* [WHAT YOU WILL DO]:
Every record must be copied exactly, except that pictures are dropped.

* [ENTRIES PROVIDED]:

————

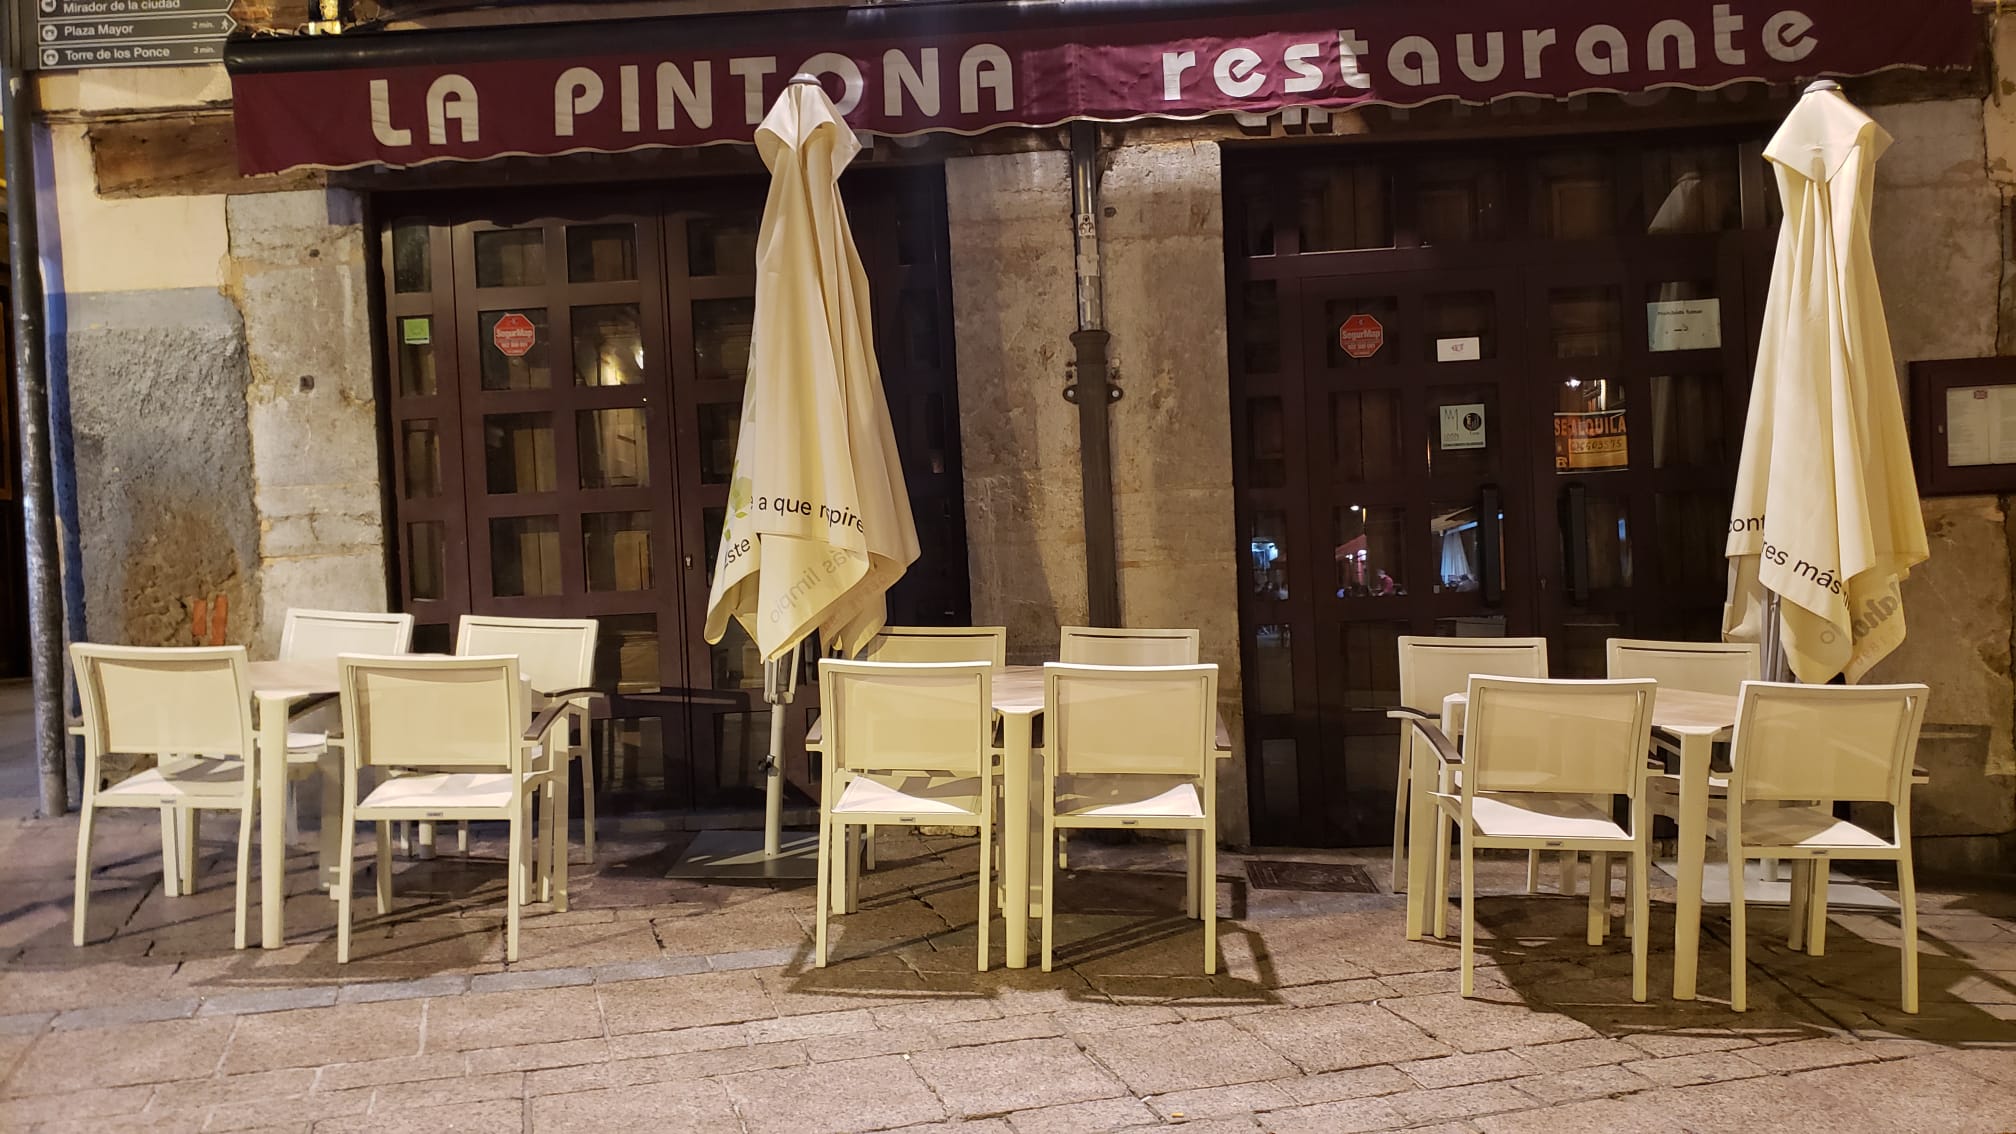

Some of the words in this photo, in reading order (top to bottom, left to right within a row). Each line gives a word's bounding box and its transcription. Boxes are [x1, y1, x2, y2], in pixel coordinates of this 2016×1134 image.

[63, 2, 108, 14] Mirador
[110, 1, 125, 11] de
[128, 0, 139, 10] la
[141, 0, 181, 9] ciudad
[64, 25, 95, 36] Plaza
[98, 24, 134, 36] Mayor
[65, 50, 94, 61] Torre
[96, 48, 111, 60] de
[113, 48, 131, 59] los
[133, 47, 170, 58] Ponce
[370, 74, 479, 146] LA
[555, 43, 1014, 136] PINTONA
[1162, 4, 1818, 100] restaurante
[1554, 417, 1568, 437] SE
[1569, 415, 1626, 436] ALQUILA
[758, 496, 767, 510] a
[773, 497, 812, 517] que
[1729, 514, 1765, 533] ont
[1793, 559, 1842, 595] más
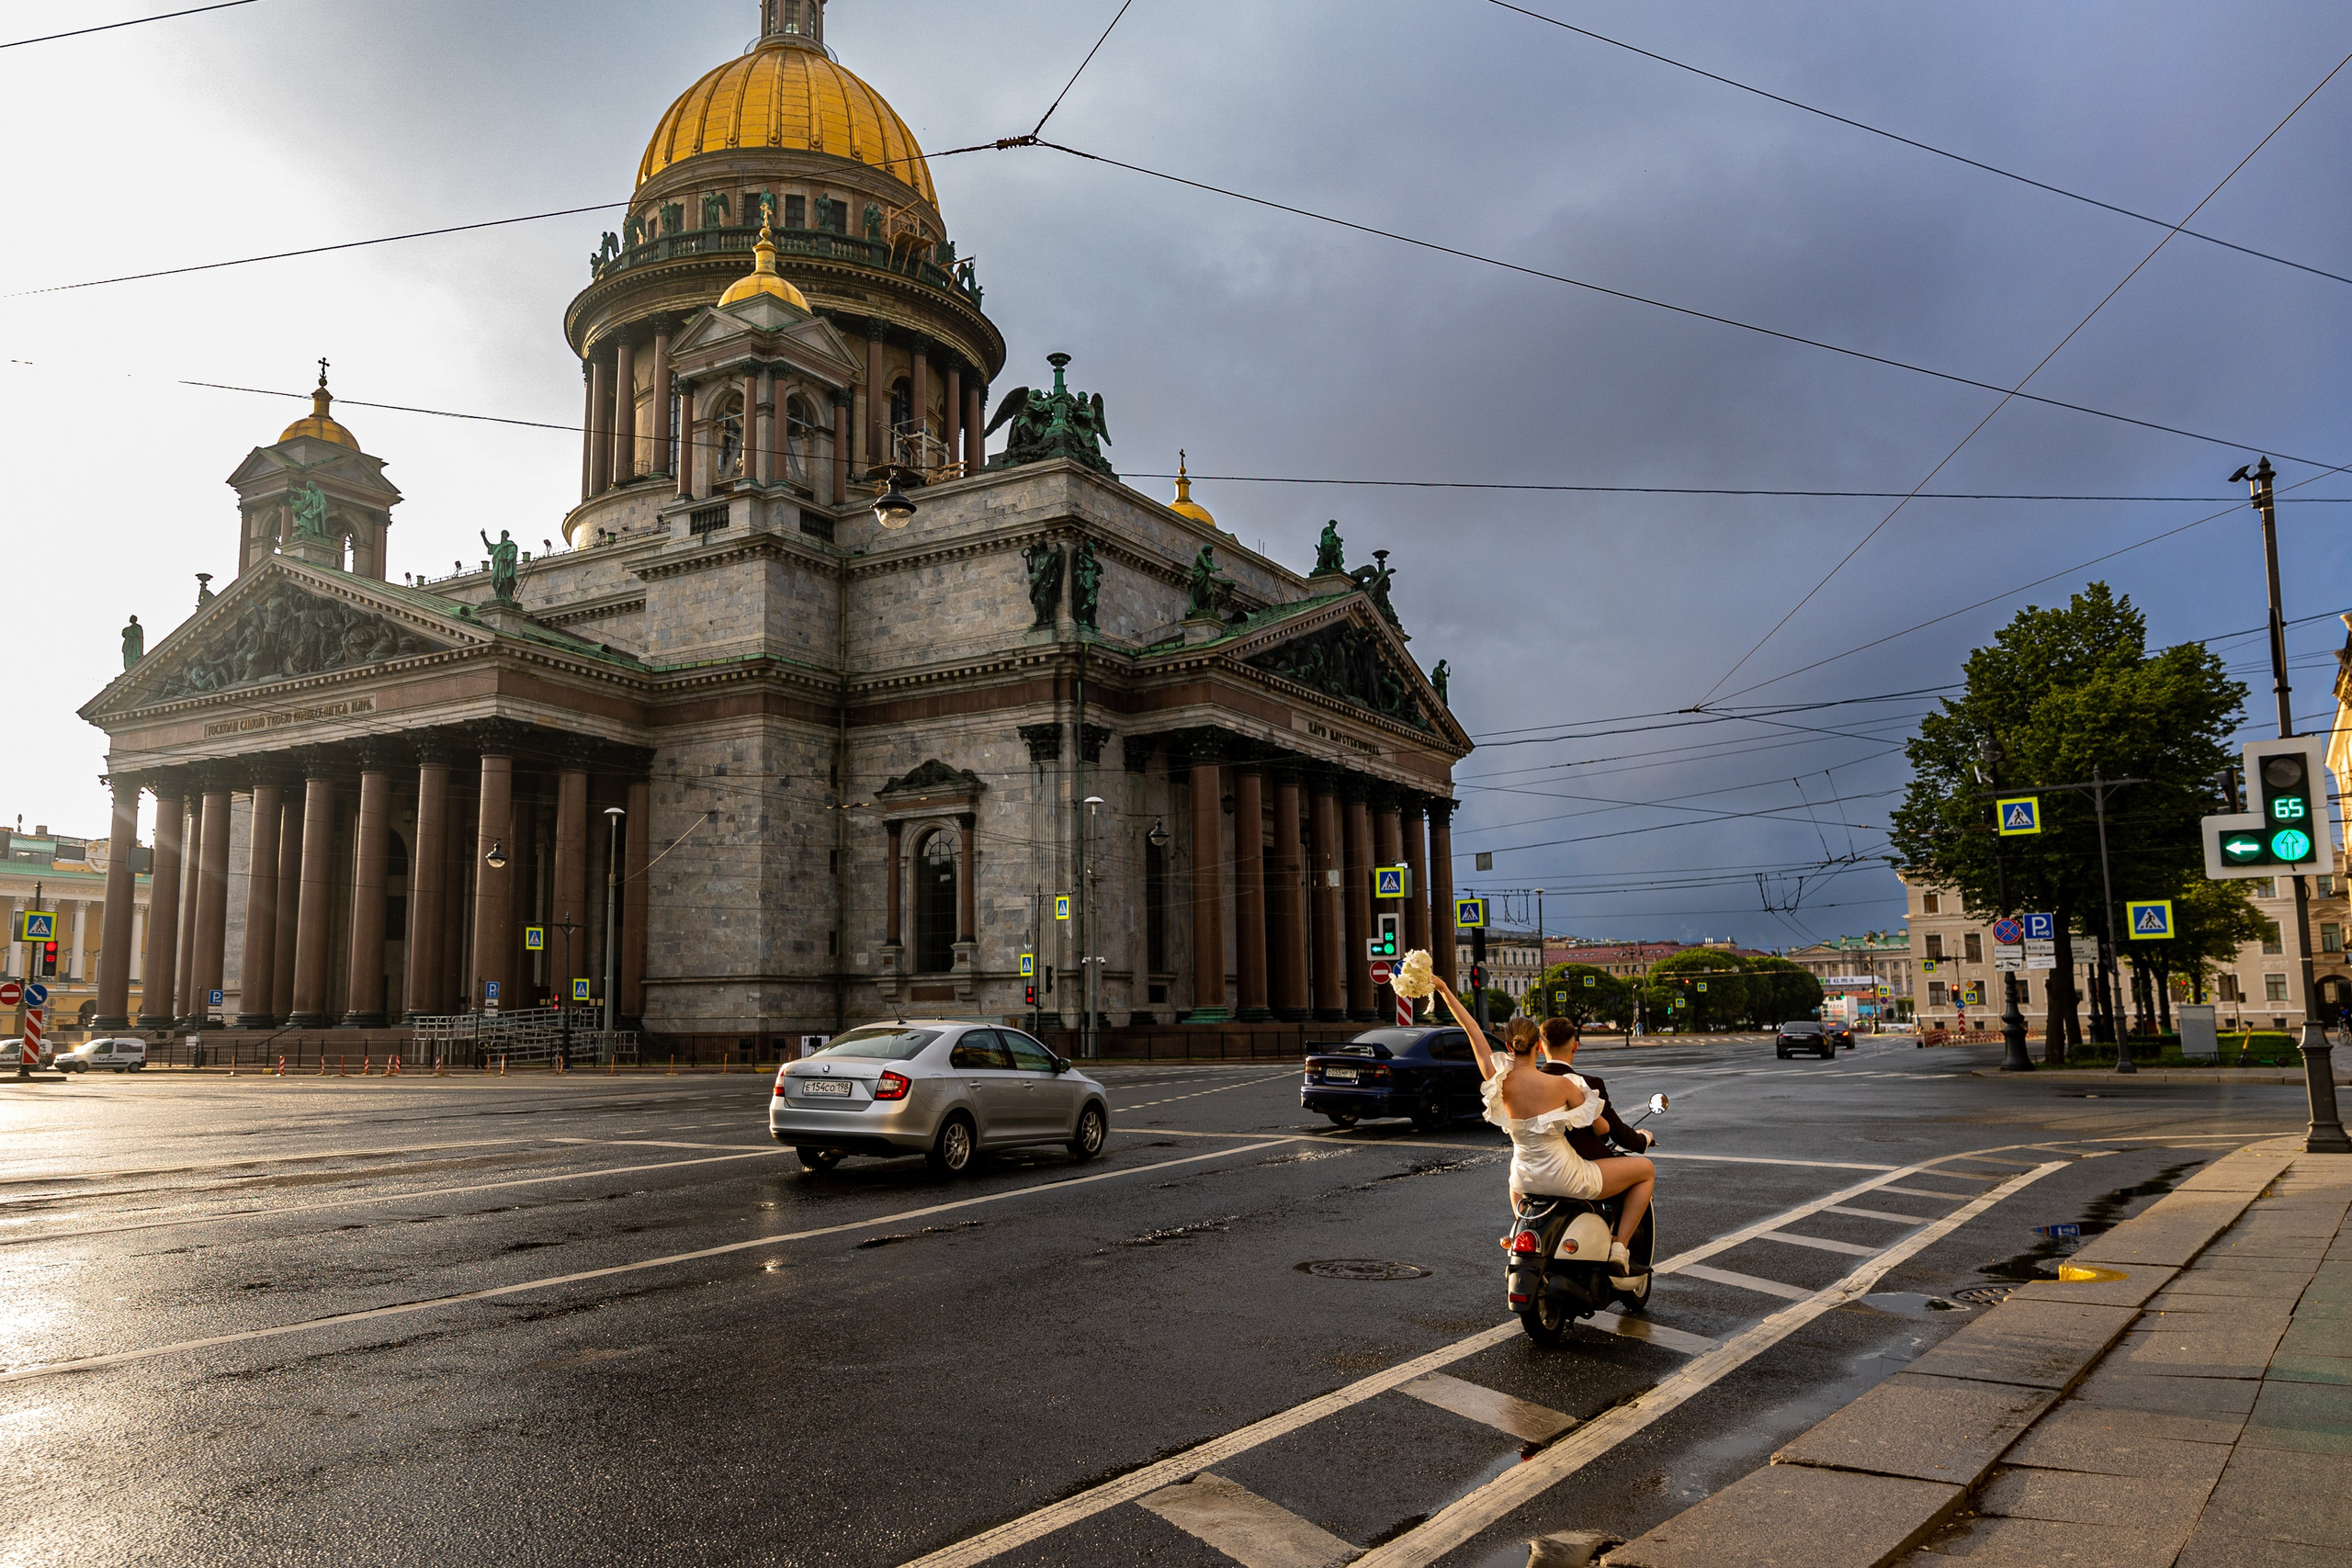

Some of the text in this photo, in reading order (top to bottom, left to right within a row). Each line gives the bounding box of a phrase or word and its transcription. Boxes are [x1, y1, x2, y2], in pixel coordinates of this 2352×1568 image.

[2274, 797, 2304, 818] 65
[2031, 917, 2048, 936] P
[1385, 931, 1395, 941] 65
[837, 1083, 849, 1091] 198

————

* [EXERCISE RESPONSE]:
Some of the words in this photo, in reading order (top to bottom, left to right within a row). Each line gives a word's bounding box and its transcription. Boxes are [x1, y1, x2, y2], in pixel coordinates of this 2016×1134 image.

[63, 2, 108, 14] Mirador
[110, 1, 125, 11] de
[128, 0, 139, 10] la
[141, 0, 181, 9] ciudad
[64, 25, 95, 36] Plaza
[98, 24, 134, 36] Mayor
[65, 50, 94, 61] Torre
[96, 48, 111, 60] de
[113, 48, 131, 59] los
[133, 47, 170, 58] Ponce
[370, 74, 479, 146] LA
[555, 43, 1014, 136] PINTONA
[1162, 4, 1818, 100] restaurante
[1554, 417, 1568, 437] SE
[1569, 415, 1626, 436] ALQUILA
[758, 496, 767, 510] a
[773, 497, 812, 517] que
[1729, 514, 1765, 533] ont
[1793, 559, 1842, 595] más

Some of the text in this photo, in reading order (top to bottom, left to right within a row). Each line gives the bounding box of a phrase or word and its transcription. Boxes are [x1, y1, x2, y2], in pixel coordinates of this 2352×1568 image.

[2274, 797, 2304, 818] 65
[2031, 917, 2048, 936] P
[1385, 931, 1395, 941] 65
[837, 1083, 849, 1091] 198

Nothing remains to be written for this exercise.